А захвалили. Все-то ей про глаза ее, что вот какие… Да не умею сказать-то, как говорили… нет, не выразительные, а истомные, что ли?.. По-нашему сказать – с поволокою глаза, будто вот через что глядят, чисто вот обмирает, как тень на них. Один к нам ходил, актерщик… вот не любила беса!.. – тогда еще все внушал – «у вас глаза женщины!» Развалится на креслах, ножичком ногти точит, и все так, непристойно, – «же-нщина вы, малютка!..» А наши, умные, слушают. Поведет так, закатит, – будто она спросонков. И выучилась перед зерькалом вертеться. Особо плохого тут нет, покрасоваться-то… а к тому говорю, что уж очень собой-то занималась. И мамашенька ей пример давала. На что уж со мной, и то – уставится на меня, как на пустое место, словно вот через тень глядится.
«Ну, чего пялишься-то как нескладно, – скажу, – чисто ты пьяная!»
И все-то в головку набивали: «мы тебя за заморского прынца выдадим!» И нагадали: повидали мы их, заморских. И стали в нее, барыня, влюбляться. Конфектами завалили, вот какие коробки!.. и шелковые, и плюшевые, и цветы шлют, и корзинами, и так, некуда ставить, сад у нас прямо стал. Богачи стали наезжать, на своих лошадях, на автомобилях, на высоких колесах – беговой богач был… приличный народ, солидный. И шушеры много было, а и дилехтора бывали, и генералы… – мед-то как завелся, так вкруг и закружились. И смех, и грех. Повадился старичок к нам, военный доктор, начальник баринов, только он генерал. Стал все цветы возить. Лет, пожалуй, за шестьдесят было, сухенький только был и шустрый, и бородку брил, а под глазами-то наплыло, не закрасишь… видно, что битая посуда. И рот у него кривой был, раздерганный. А живой, ножкой об ножку терся. И холостой. Та его и закружила, насмех. И печенье ему выберет, скажет – «вот, любимое мое!» А он ей тоже – «теперь и мое любимое!», и цветочек в петельку ему, и душками попрыскает, илиотропом, любимыми… Он возьми и посватайся, одурел! Так все и обомлели, – начальник баринов. А она и глазом не моргнула: «дайте подумаю… я ведь совсем ребенок!» Так он и засиял! И сгубила старого человека: посылал-посылал цветы, да и простудился, помер, – у училища все дежурил, где теятрам-то обучали. И еще князь ее провожал, тоже немолодой, а со шпорами ходил, высокий попечитель был… из училища ее привозил и письма ей все писал, по-французски. И она ему писала, для прахтики. Писем у ней было… полна шкатулка. А духов было… как в магазине, обливаться можно. Как в ванную лезть, цельную бутылку вольет, кожу щипет… голова кружится, не войдешь. Барин, бывало, – «дай-к а, Катюнь, даров душистых, а то все вышли!» Меня душила… Приду к себе спать ложиться, – не продохнешь, все подушки позалиты. В церкву придешь, дух такой от меня, людей стыдно, – платье мне обливала.

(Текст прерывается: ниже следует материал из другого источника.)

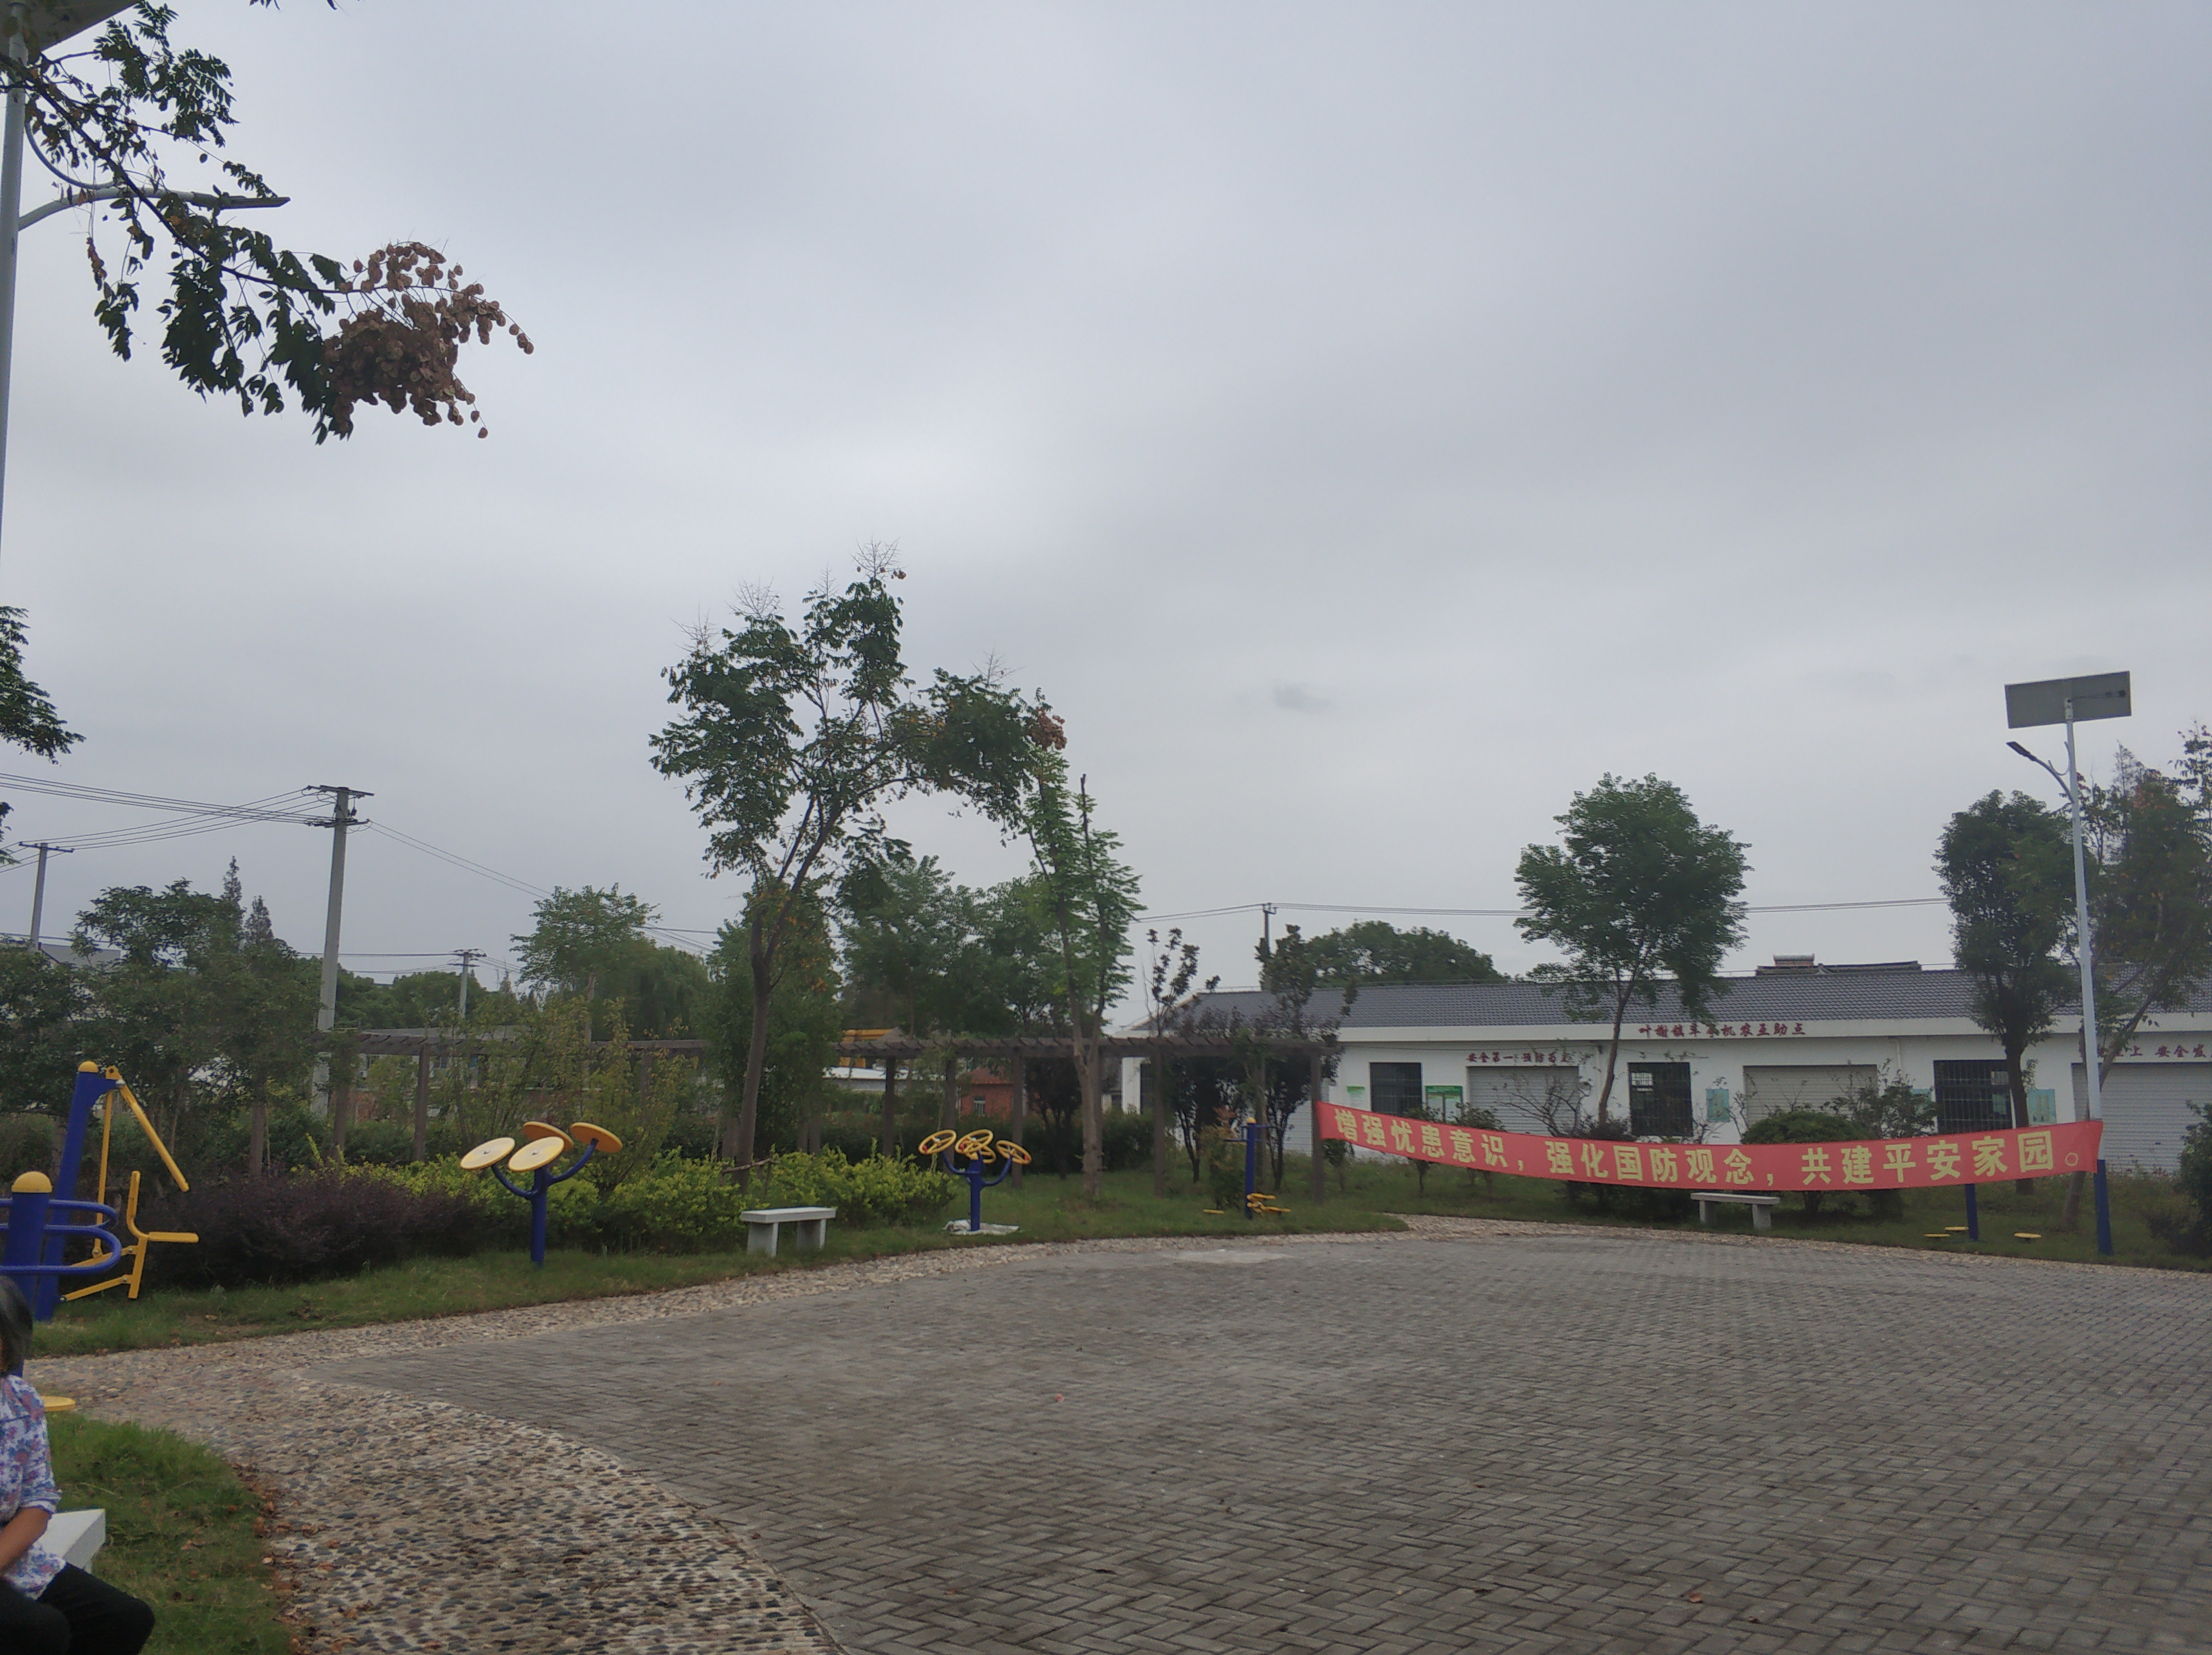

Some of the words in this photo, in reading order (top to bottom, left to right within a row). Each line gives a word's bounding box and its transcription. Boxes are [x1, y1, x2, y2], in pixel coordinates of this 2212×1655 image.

[1466, 1051, 1514, 1063] 安全第一
[2155, 1044, 2212, 1058] 安全发

Ну, все влюблялись. А молодые – так, высуня язык, и ходили, как опоеные. Чего ж один изгораздился для нее… Велела она ему из зологического сада живую лисицу ей принести. Он за сурьез принял да и попадись: ночью клетку лисицыну продрал и потащил лисицу, – она ему все лицо ободрала. На месяц в «Титы» попал, а про Катичку не сказал. Она ему цветов послала для утешения. Так уж все баловали – она и иссвоевольничалась, все-то ей нипочем, воображать стала из себя. А барыня не нарадуется. Меня уж и в грош не ставила, только и слышишь: «заткнись, старая улитка!» – истинный Бог. Спать ложиться, – ну, вертеться перед трюмой да охорашиваться, даже и рубашонку снимет. Оправляю постельку ей… – шелковая, царская постелька у ней была, белая вся, ангельская постелька, – смотрю-смотрю на нее, ну так неприятно станет. Она уж и так, и так, и головкой, и плечиками, и… Да еще меня допытывает:
«А что, нянь…» – это когда в духе, ласково всегда – нянь, звала, а то все – ня-нька! а то еще выдумала – ня-нища! – «А что, нянь… красавица я, а? лучше меня нет?»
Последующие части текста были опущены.